Can someone show me how do i multiply the following fractions:
(n^2-n-20)/(2n^2) times (n^2+5n)/(n^2-25)
When you multiply fractions, you just multiply straight across. So if you have:
1/3 * 1/4
1*1
----
3*4
That's 1/12
With that in mind, let's look at your question:
(n^2-n-20)(n^2+5n)
-------------------
(2n^2)(n^2-25)
Let's start off, to make it possibly a little easier, by factoring out what we can:
(n^2-n-20) can be written:
(n-5)(n+4)
So now we have
(n-5)(n+4)(n^2+5n)
------------------
(2n^2)(n^2-25)
The n^2+5n can be:
n(n+5)
Phew. So...all together on top, we have
(n-5)(n+4)(n)(n+5)
Now, the bottom.
2n^2 can be left alone.
n^2-25 can be:
(n-5)(n+5)
So now we have, on the bottom:
(2n^2)(n-5)(n+5)
All together, we have:
(n-5)(n+4)(n)(n+5)
-------------------
(2n^2)(n-5)(n+5)
The (n+5)s and the (n-5)s cancel each other out. So we're left with:
(n+4)(n)
--------
2n^2
That's:
n^2 + 4n
--------
2n^2
Can factor n out :
n(n+4)
-----
n(2n)
You're left with:
(n+4) / (2n)
I put a lot in here. So feel free to ask specific questions. Maybe someone else on the board can explain without as much detail.

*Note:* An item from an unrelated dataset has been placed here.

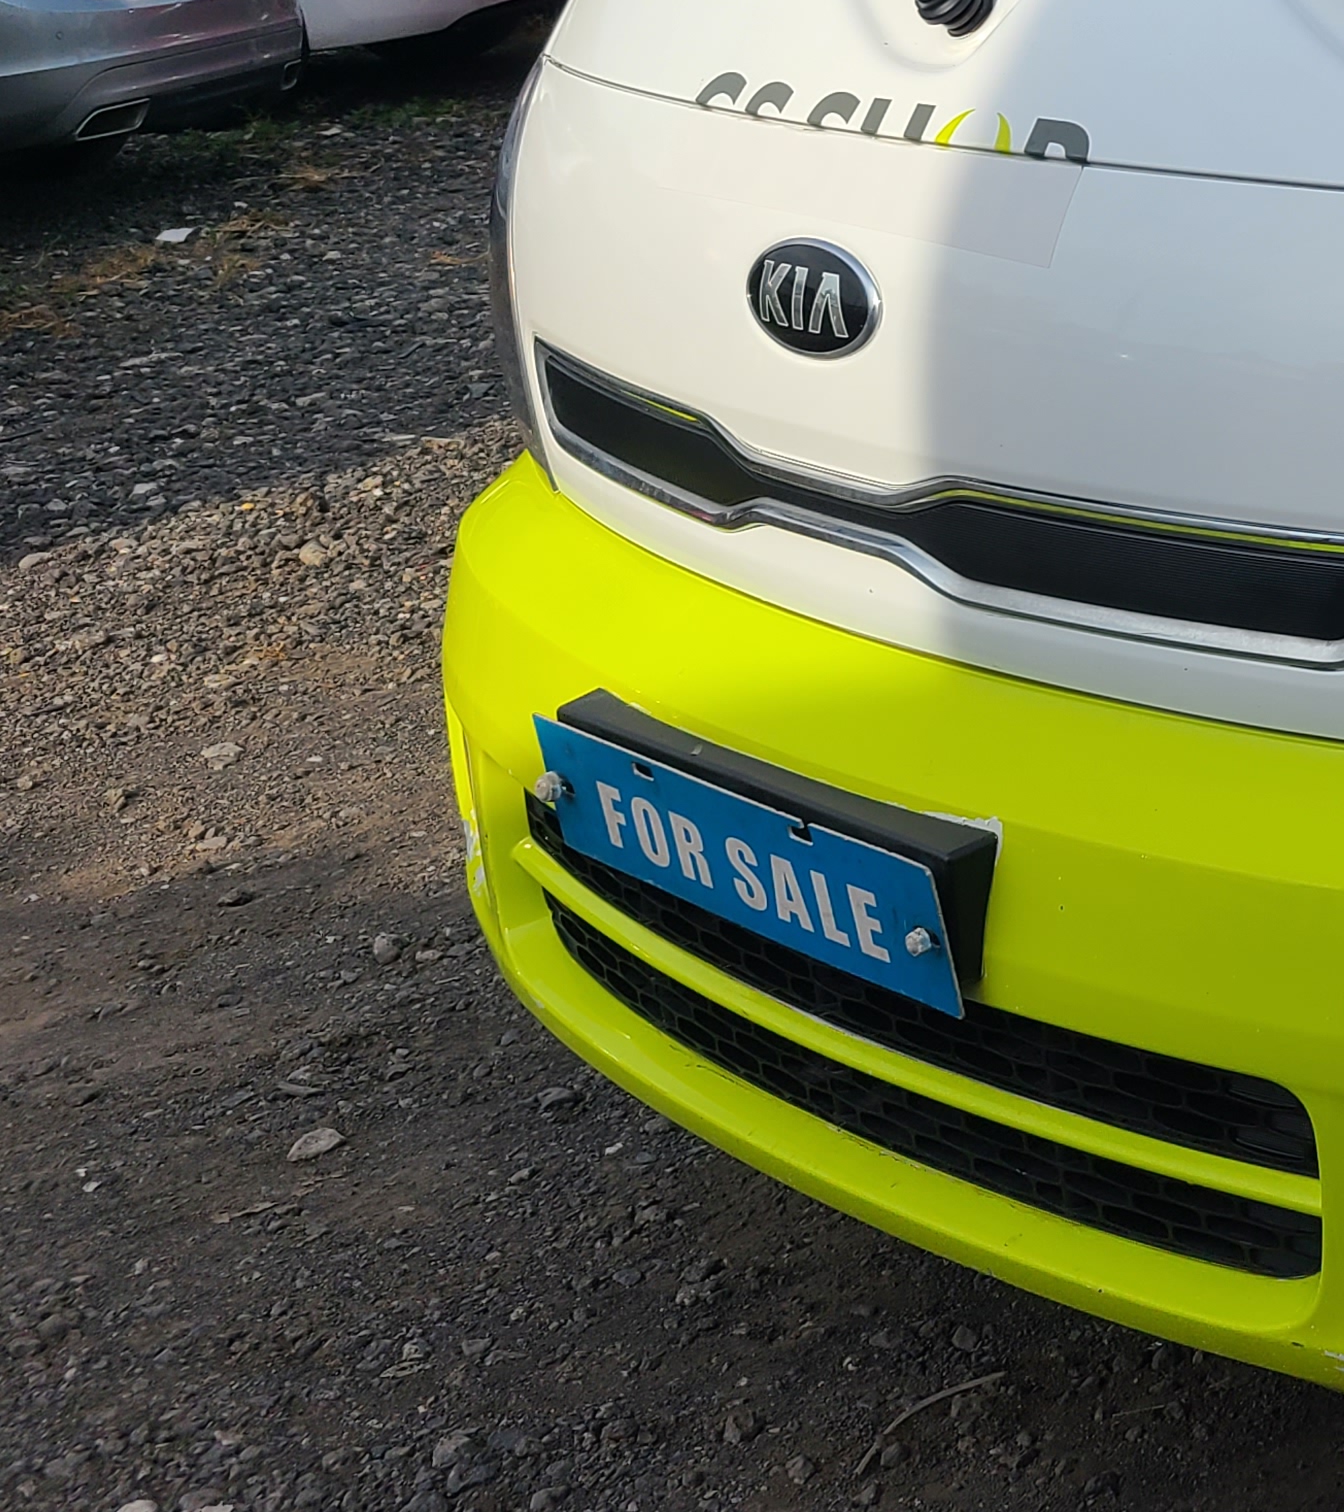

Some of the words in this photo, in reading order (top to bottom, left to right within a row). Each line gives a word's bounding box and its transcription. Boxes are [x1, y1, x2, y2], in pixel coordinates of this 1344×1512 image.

[760, 259, 850, 339] KIA
[596, 780, 714, 890] FOR
[725, 836, 893, 965] SALE

Wow let me just say EXTRA THANK YOU. the way how you detailed it, it is very good yes its a lot but well understandable i can see what you mean what to do. Gee this is a better explanation than my own instructor or even the book......thank you....
I'm glad I could help. To be honest, I don't figure out a lot of these math problems before I post them. I just start typing and explain what I'm doing as I go along. I have, in the past, had to erase entire posts and start over when I realized I made a mistake in the 2nd step. LOL
Glad this answer helped.
Matt
Hello! It seems like you are looking for an explanation on how to multiply fractions. Multiplying fractions involves multiplying the numerators (top numbers) together and multiplying the denominators (bottom numbers) together.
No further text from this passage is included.